SECURITIES AND EXCHANGE COMMISSION
Washington, D.C. 20549
FORM 8-K
CURRENT REPORT
PURSUANT TO SECTION 13 OR 15(d) OF THE
SECURITIES EXCHANGE ACT OF 1934
Date of Report: July 28, 2004
BOYD GAMING CORPORATION
(Exact Name of Registrant as Specified in its Charter)
Nevada
(State or Other Jurisdiction of
Incorporation or Organization)
001-12882 | 88-0242733 | |
(Commission File Number) | (I.R.S. Employer Identification No.) |
2950 Industrial Road
Las Vegas, Nevada 89109
(Address of Principal Executive Offices) (Zip Code)
(702) 792-7200
(Registrants telephone number, including area code)
Item 5. Other Events and Required FD Disclosure.

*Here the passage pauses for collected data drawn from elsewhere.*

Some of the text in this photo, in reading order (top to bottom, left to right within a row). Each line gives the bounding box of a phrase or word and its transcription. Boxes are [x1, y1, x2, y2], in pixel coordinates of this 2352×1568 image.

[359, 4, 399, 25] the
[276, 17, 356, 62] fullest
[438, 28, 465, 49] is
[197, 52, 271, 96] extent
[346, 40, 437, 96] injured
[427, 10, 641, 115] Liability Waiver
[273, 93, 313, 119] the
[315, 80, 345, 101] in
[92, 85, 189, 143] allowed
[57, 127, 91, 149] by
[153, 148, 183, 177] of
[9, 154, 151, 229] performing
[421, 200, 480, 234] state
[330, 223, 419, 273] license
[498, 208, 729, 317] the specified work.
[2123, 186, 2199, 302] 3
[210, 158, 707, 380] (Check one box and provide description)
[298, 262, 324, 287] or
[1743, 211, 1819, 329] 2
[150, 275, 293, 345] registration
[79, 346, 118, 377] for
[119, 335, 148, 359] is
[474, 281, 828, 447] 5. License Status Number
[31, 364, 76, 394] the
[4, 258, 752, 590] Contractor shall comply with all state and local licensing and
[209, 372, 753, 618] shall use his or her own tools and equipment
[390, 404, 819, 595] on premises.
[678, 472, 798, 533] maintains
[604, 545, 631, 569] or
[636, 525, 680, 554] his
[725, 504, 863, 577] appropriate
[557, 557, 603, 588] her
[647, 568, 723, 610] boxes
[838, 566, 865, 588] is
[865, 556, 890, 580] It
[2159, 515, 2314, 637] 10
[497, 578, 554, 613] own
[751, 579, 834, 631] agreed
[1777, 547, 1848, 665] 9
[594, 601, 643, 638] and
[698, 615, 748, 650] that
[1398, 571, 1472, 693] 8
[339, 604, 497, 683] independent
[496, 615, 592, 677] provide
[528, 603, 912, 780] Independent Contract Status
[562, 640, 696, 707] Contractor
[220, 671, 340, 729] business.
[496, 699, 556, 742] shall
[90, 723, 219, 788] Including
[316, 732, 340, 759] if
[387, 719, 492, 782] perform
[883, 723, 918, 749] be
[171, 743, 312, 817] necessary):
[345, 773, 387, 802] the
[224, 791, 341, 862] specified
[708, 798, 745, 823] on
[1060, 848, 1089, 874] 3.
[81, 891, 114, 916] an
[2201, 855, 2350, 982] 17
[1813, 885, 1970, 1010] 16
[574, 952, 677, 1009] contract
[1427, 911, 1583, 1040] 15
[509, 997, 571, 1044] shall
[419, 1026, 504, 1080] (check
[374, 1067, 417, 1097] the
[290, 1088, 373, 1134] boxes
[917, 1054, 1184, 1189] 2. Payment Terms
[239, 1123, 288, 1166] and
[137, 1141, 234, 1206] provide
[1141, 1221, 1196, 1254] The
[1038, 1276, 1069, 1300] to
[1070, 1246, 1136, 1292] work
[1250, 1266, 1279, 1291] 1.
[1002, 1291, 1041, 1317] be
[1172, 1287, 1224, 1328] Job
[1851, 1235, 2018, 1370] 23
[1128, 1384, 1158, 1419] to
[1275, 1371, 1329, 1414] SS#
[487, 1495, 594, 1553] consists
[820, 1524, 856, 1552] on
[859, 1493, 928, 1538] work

On July 28, 2004, Boyd Gaming Corporation issued an earnings release announcing its financial results for the three and six months ended June 30, 2004. Boyd Gaming reported diluted earnings of $0.23 per share for the three months ended June 30, 2004, as compared to diluted earnings of $0.07 per share for the three months ended June 30, 2003. For the six month period ended June 30, 2004, Boyd Gaming reported diluted earnings per share of $0.43 per share as compared to diluted earnings of $0.32 per share for the six months ended June 30, 2003. Amounts are computed in accordance with generally accepted accounting principles
In addition, Boyd Gaming announced that Borgata, Boyd Gamings joint venture property in Atlantic City, has commenced planning and design work for an expansion of the property. The expansion, which requires various government and regulatory approvals, will consist of substantial additions of both gaming and non-gaming amenities, including additional slot machines, table games, restaurants and nightclubs. Borgata estimates that the cost of the expansion will be approximately $200 million and expects construction to start in December 2004 with completion to occur in the second quarter of 2006. Borgata expects to renegotiate its credit facility to provide funding for the project.

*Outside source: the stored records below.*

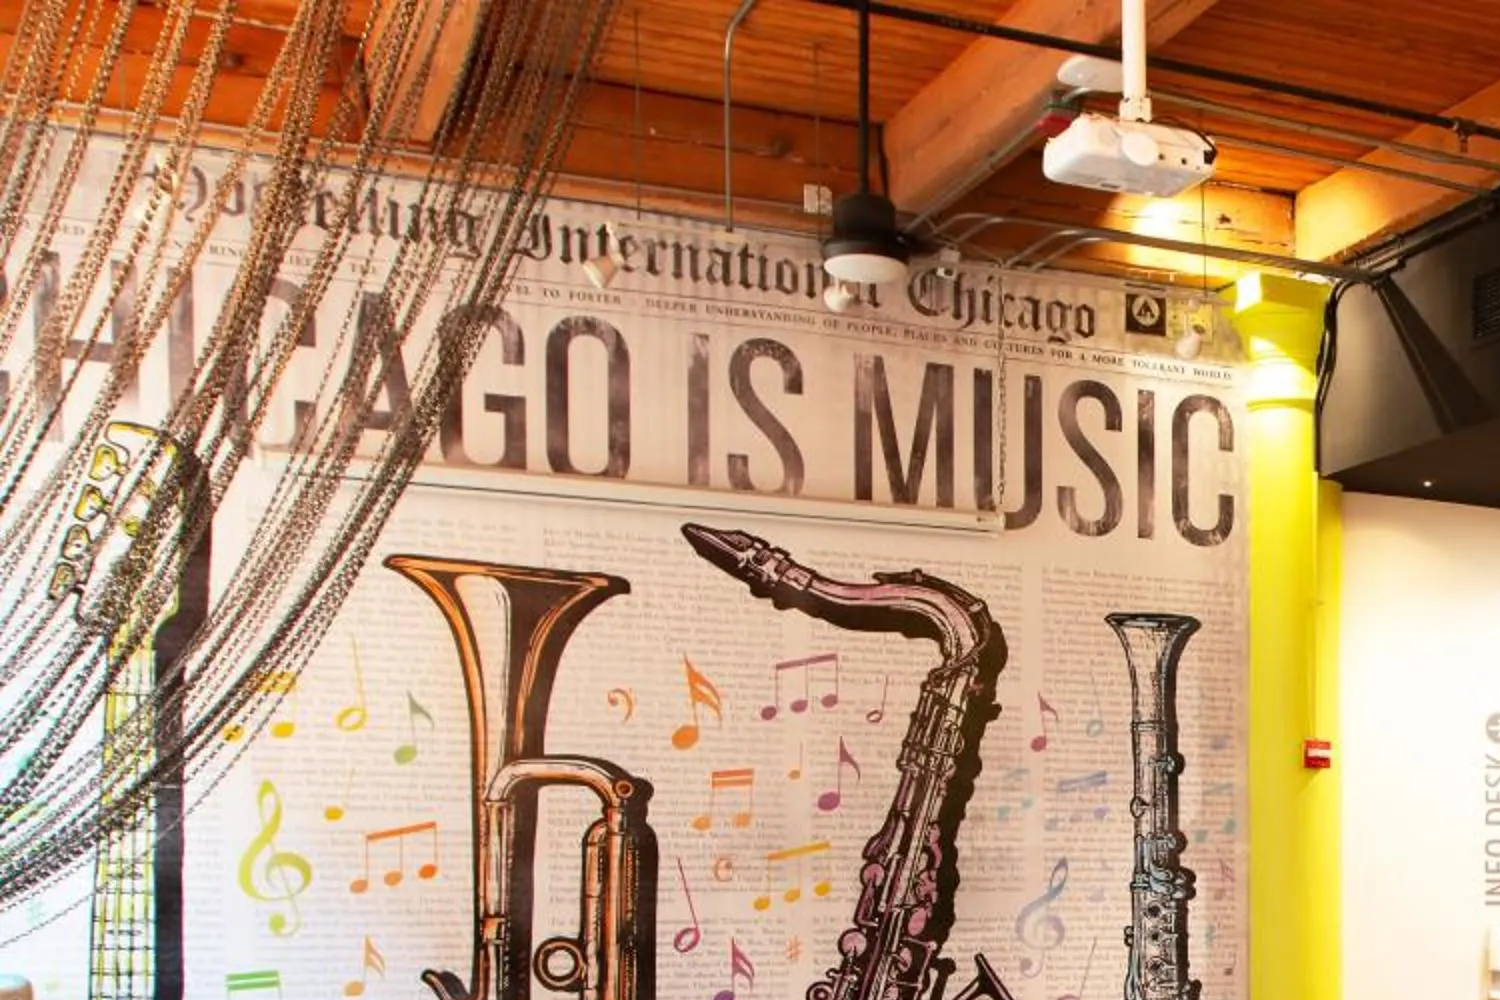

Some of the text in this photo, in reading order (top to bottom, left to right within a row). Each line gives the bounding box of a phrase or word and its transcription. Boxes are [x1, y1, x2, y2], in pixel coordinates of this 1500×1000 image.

[513, 212, 880, 308] Internation
[908, 264, 1095, 345] Chicago
[645, 297, 697, 312] DEEPER
[705, 305, 816, 326] UNDERSTANDING
[823, 318, 840, 330] OF
[903, 329, 948, 343] PLACES
[954, 335, 977, 348] AND
[984, 339, 1044, 355] CUTURES
[1050, 346, 1073, 360] FOR
[1092, 354, 1125, 367] MORE
[0, 250, 1236, 548] HICAGO IS MUSIC

This Current Report on Form 8-K contains forward-looking statements within the meaning of Section 27A of the Securities Act of 1933, as amended, and Section 21E of the Securities Exchange Act of 1934, as amended. Such statements include information regarding the expansion of Borgata, including the timing and cost of the expansion, the addition of gaming and non-gaming amenities and the ability for Borgata to renegotiate its credit facility. Forward-looking statements involve certain risks and uncertainties, and actual results may differ materially from those discussed in any such statement. In particular, Boyd Gaming can provide no assurances that the Borgata expansion will yield the anticipated amenities, will be completed within the estimated time frame and budget, or that Borgata will be able to renegotiate its bank credit facility on favorable terms, or at all. Among the factors that could cause actual results to differ materially are the following: competition, increased costs (including marketing costs) and uncertainties relating to new developments and expansion (including enhancements to improve property performance), changes in laws and regulations, weather, regulation, economic, credit and capital market conditions and the effects of war, terrorist or similar activity. Additional factors that could cause actual results to differ are discussed under the heading Investment Considerations and in other sections of the Boyd Gamings Form 10-K for the fiscal year ended December 31, 2003 on file with the Securities and Exchange Commission, and in its other current and periodic reports filed from time to time with the Commission. In addition, factors that could cause actual results to differ are discussed under the heading Risk Factors and in other sections of Boyd Gamings registration statement on Form S-4 filed with the Commission on June 25, 2004. All forward-looking statements in this Current Report on Form 8-K are made as of the date hereof, based on information available to Boyd Gaming as of the date hereof, and Boyd Gaming assumes no obligation to update any forward-looking statement.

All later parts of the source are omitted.